From: John De Armond
Subject: Re: LP Gas fill problem
Date: Fri, 25 Apr 2003 03:12:23 -0400
On Tue, 22 Apr 2003 13:53:44 -0400, "Jon Porter" <email@example.com> wrote:
>"Neon John" <johngdDONTYOUDARE@bellsouth.net> wrote in message
>> On Mon, 21 Apr 2003 21:12:07 -0400, "Jon Porter" <firstname.lastname@example.org>
>> >Yep, it's for the 80% fill mark. I've seen a local propane jockey
>> >strain his pump when my tank got close to full before he opened the
>> >vent. I make a point of letting them know to keep the valve closed
>> >until the have the line hooked up and then open just before they start
>> >the pump.
>> That's a prime indication that there is trapped air in the tank. If
>> there is nothing but propane above the liquid, the pressure will be
>> exactly the vapor pressure of the propane at whatever temperature
>> prevails in the tank - right up until the tank is filled solid if
>> someone isn't paying attention.
>Air in the tank? Makes sense, it seemed to be hardly used before I bought
>the thing.
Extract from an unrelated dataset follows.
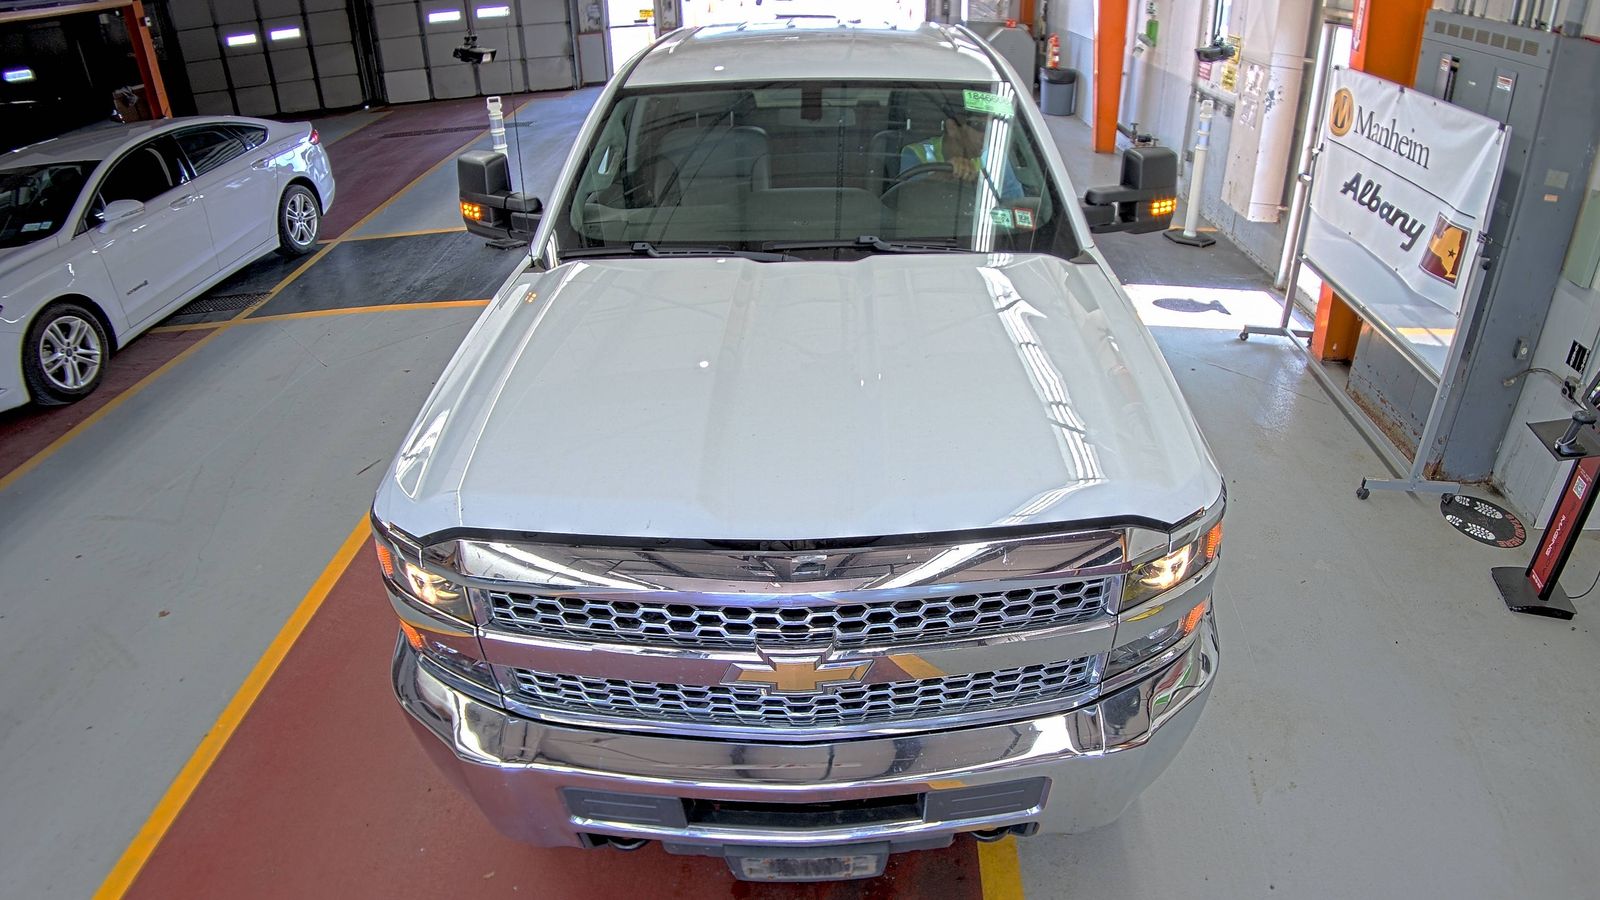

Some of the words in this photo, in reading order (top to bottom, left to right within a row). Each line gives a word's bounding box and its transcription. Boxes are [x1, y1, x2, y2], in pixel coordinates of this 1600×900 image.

It was several years old at then.
Yup. That old Gas Law of Partial Pressures. Since the air is non-condensable
at room temperature, its pressure adds to that of the propane.
I recently used this property to move some propane between the 250 gal tank
owned by the gas company to the new 500 gallon one I bought to replace it. I
just hooked my liquid withdrawal line from the 250 gal tank to the POL fitting
on the 500 gal tank after pushing enough CO2 into the 250 gal tank to push the
total pressure up about 50 lbs over the vapor pressure. This moved about half
a tank of liquid in minutes. (before someone bitches, yeah, I purged the old
tank afterward so the next customer would not have a problem.)
If you have air in the vapor space it will gradually purge as it mixes with
and flows out with the propane gas during use. During this time the appliance
flames may act like they're set too lean and/or blow out. Doesn't last long,
as a whole tank full of air isn't all that much.
Incidentally, a similar problem can occur with auto air conditioners. If the
owner tops off the system a few times and doesn't know enough to purge the
hose of air first (more difficult with R134a hoses), the air within the hose
will eventually end up in the condenser. This will eventually raise the
pressure in the condenser until either the compressor loads down and skids the
belt or the high pressure cutout activates or something blows/burns out. I
see this more often than I should now that consumer-operated blow-off cans of
refrigerant are again available on the store shelves.